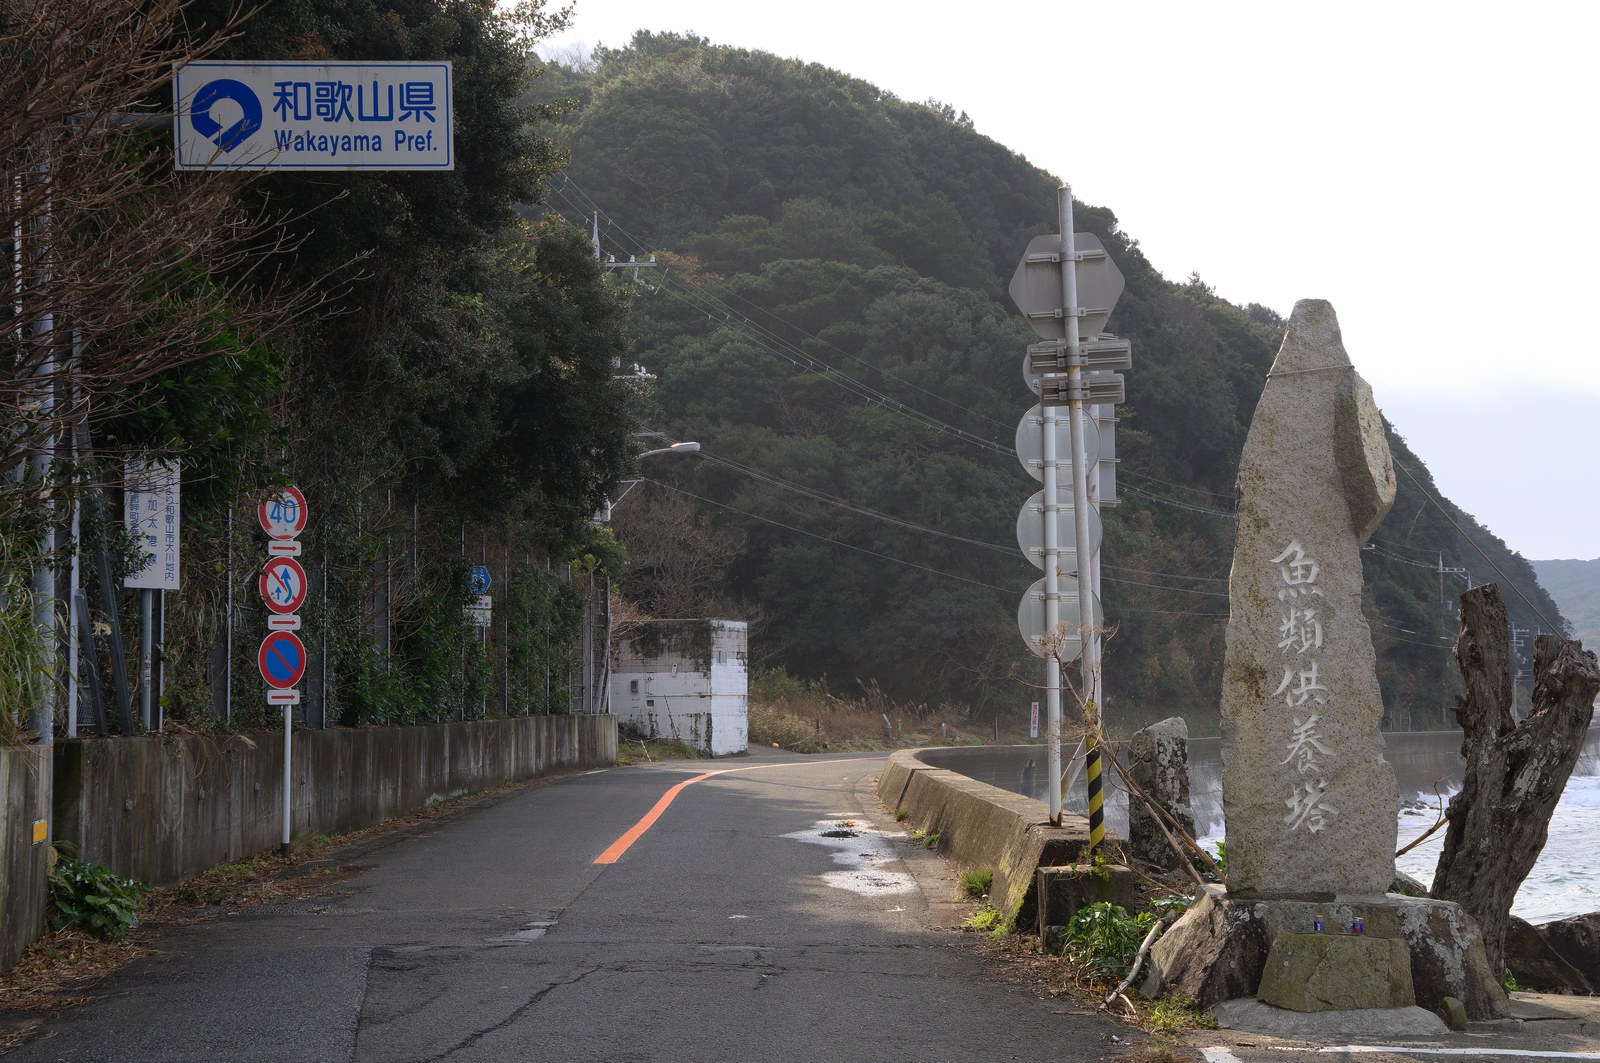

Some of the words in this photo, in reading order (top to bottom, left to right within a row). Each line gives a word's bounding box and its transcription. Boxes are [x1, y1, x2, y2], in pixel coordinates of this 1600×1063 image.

[273, 80, 437, 123] 和歌山県
[273, 129, 382, 156] Wakayama
[394, 130, 438, 152] Pref.
[164, 469, 175, 582] れより和歌山市大川地内
[270, 499, 296, 523] 40
[1269, 539, 1339, 833] 魚類供養塔
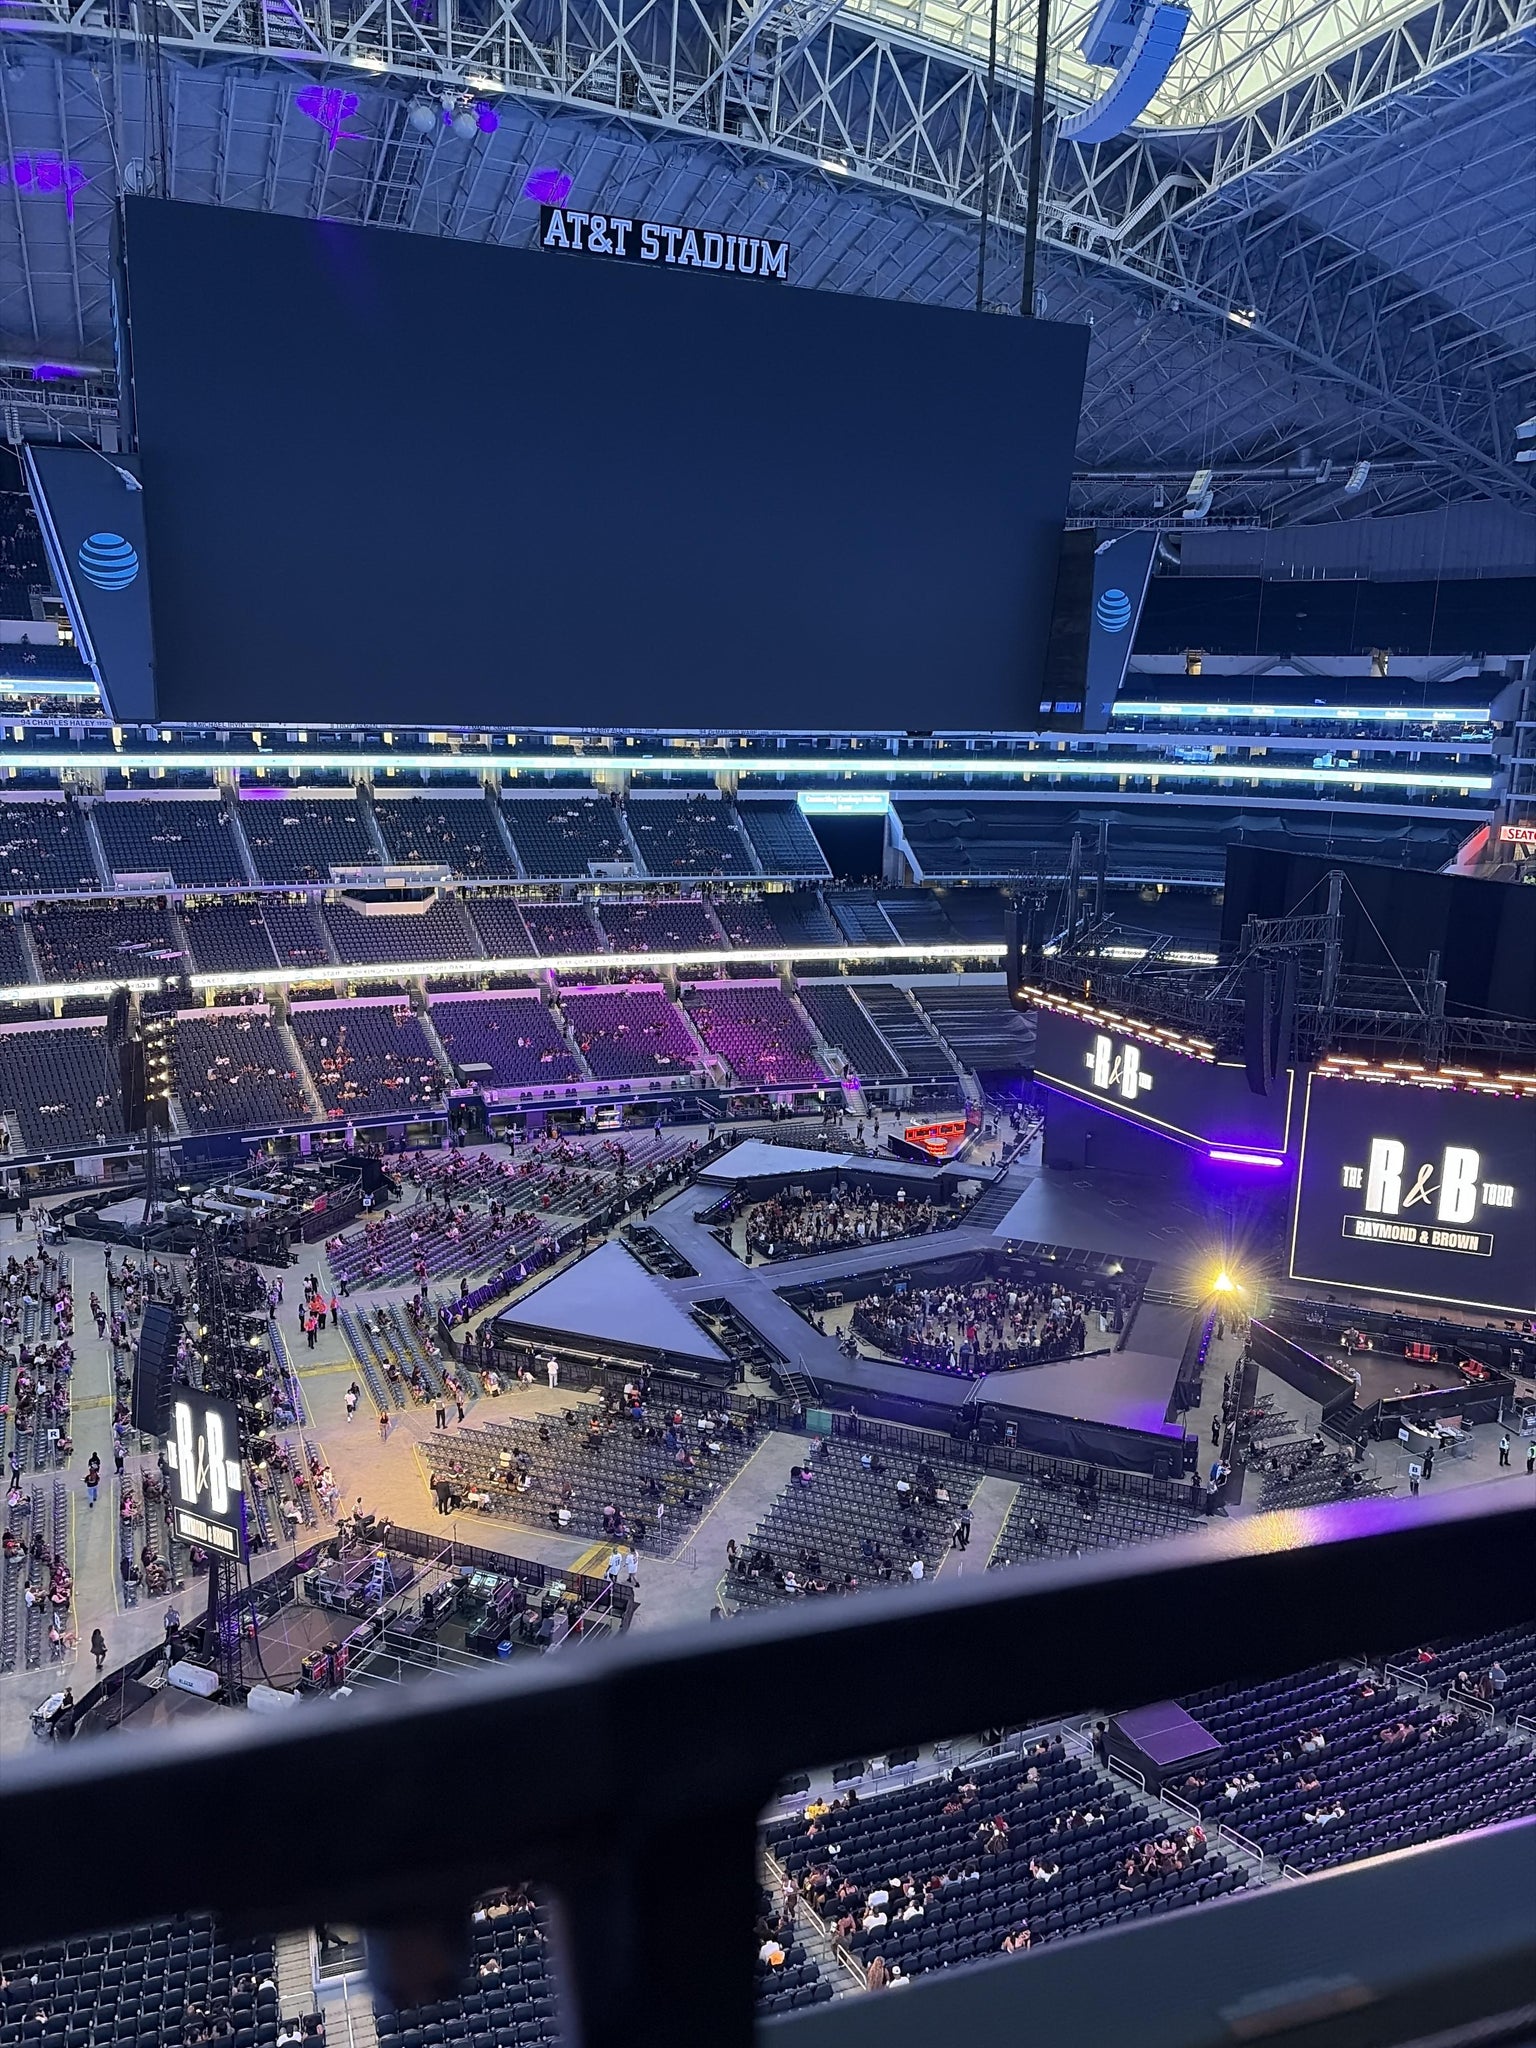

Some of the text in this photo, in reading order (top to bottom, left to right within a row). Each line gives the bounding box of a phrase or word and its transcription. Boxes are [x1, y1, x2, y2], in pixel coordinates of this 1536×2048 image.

The problem - When you copy the data above, keep each line exact and omit the pictures.

Result -
Some of the words in this photo, in reading order (top to bottom, left to right within a row). Each line gives a word's bounding box and its transcription. Boxes are [x1, y1, x2, y2], in pixel coordinates of this 1600×1063 image.

[273, 80, 437, 123] 和歌山県
[273, 129, 382, 156] Wakayama
[394, 130, 438, 152] Pref.
[164, 469, 175, 582] れより和歌山市大川地内
[270, 499, 296, 523] 40
[1269, 539, 1339, 833] 魚類供養塔

Some of the text in this photo, in reading order (top to bottom, left to right within a row). Each line gives the bounding box of a phrase or word and its transcription. Boxes are [x1, y1, x2, y2], in pixel coordinates of this 1536×2048 image.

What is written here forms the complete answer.